Statt per Nervenzusammenbruch oder Drogen-Eskapaden aus dem Popzirkus auszubrechen, hat Britney Spears sich diszipliniert und in die Rolle der Hitmaschine gefügt. Dabei glaubte man 2007 bei dem etwas wackeligen Comeback- Auftritt bei den MTV- Awards noch, dass sie vielleicht auch Abgründe hat. Dass sie irgendwann genug haben würde von dem Sexy-Schoolgirl- mit-Kniestrümpfen-Appeal und den blöden Geschichten über ihrer Jungfräulichkeit, die sie angeblich bis zur Hochzeitsnacht retten wolle. Das verklemmte Amerika liebt solche Stories, und Britney Spears hört nicht auf, sie zu produzieren. Auch auf „Femme Fatale“ singt sie wieder „Show your knee socks“, „Wanna taste forbidden fruit“ oder „If you want my love / you can find it on the dancefloor“. Kein Wort über irgendetwas von Belang. Warum erzählt sie nicht von den Dramen, die sie erlebt hat? Wie ihre Kollegin Rihanna, die von ihrem Prügelfreund sang.

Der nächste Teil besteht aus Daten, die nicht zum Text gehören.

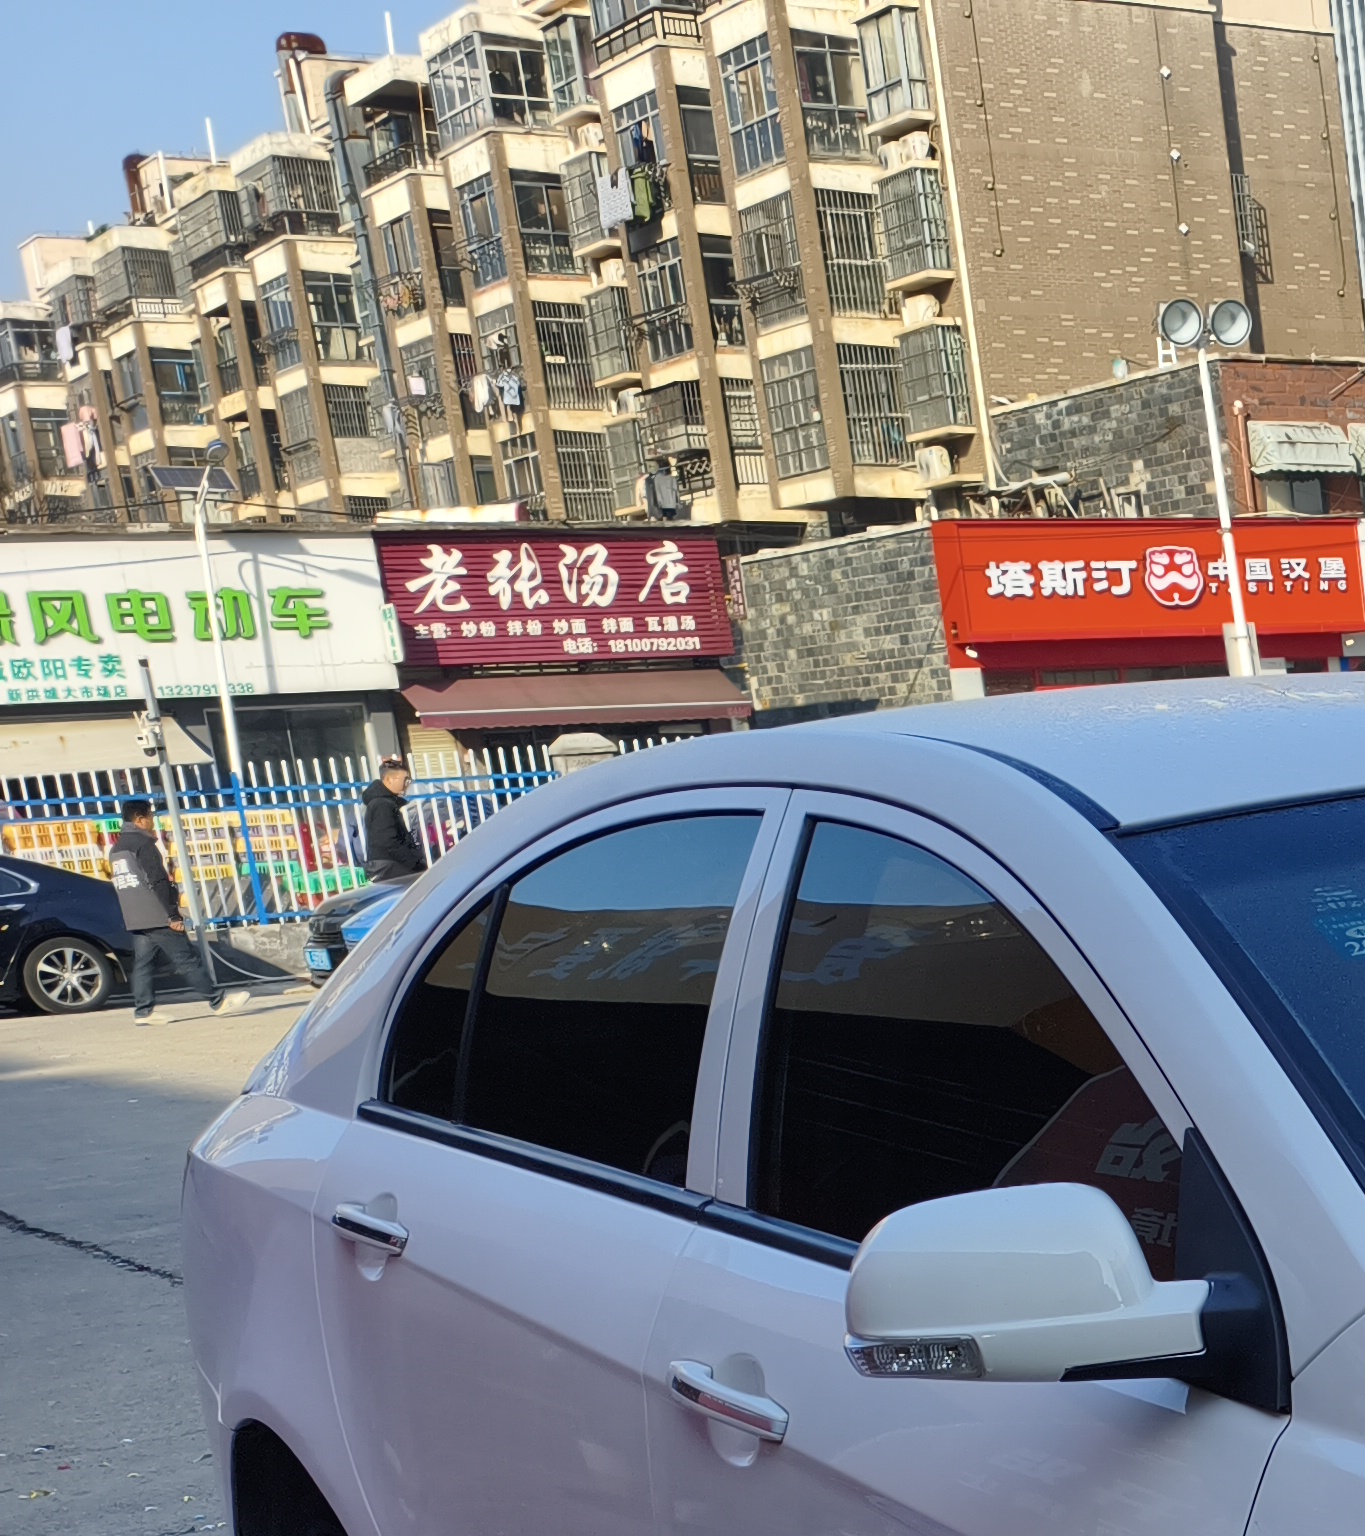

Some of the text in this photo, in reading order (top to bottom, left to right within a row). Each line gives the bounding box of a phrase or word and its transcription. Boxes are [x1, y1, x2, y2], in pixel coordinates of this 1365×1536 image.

Dabei bemüht sich Spears durchaus um Normalität. Sie fällt schon seit Monaten in der Öffentlichkeit nicht mehr aus der Rolle, geht ganz nüchtern mit dem Freund zum Baseballtraining ihres Sohnes, zieht sich Gummilatschen an, wenn sie öffentliche Toiletten aufsucht. Denn eine der vielen irren Meldungen über Britneys angebliches Fehlverhalten drehte sich darum, dass sie barfuß aus einem stillen Örtchen taperte und dabei fotografiert wurde. Das Bild zog Kreise, von Fußfetischistenseiten über Barfußdogmatiker bis hin zum angeekelten Normalo-Amerikaner.
Klatsch dieser Art überdeckt häufig die Musik. Britney ist als Person nicht so kompromisslos wie Lady Gaga, stimmlich nicht so ausgebufft wie Pink. Einen Song wie die immerhin in Ansätzen gesellschaftskritische Linda-Perry-Produktion „Beautiful“ von Christina Aguilera hat sie nicht im Repertoire. Ihre Skandälchen konnte sie nie zu ihrem Vorteil nutzen, sie litt lediglich darunter. Und die Jüngste ist sie – im schnelllebigen Popgeschäft – auch nicht mehr. Mit der Never- change-a-winning-team-Strategie von „Femme Fatale“ ist Britney himmelweit entfernt von ihrem Vorbild Madonna, die sie auf der Bühne einmal küssen durfte. Das unterscheidet Mädchen von Frauen: Frau Ciccone war immer gut darin, sich neu zu erfinden. Britney bleibt sich lieber gleich.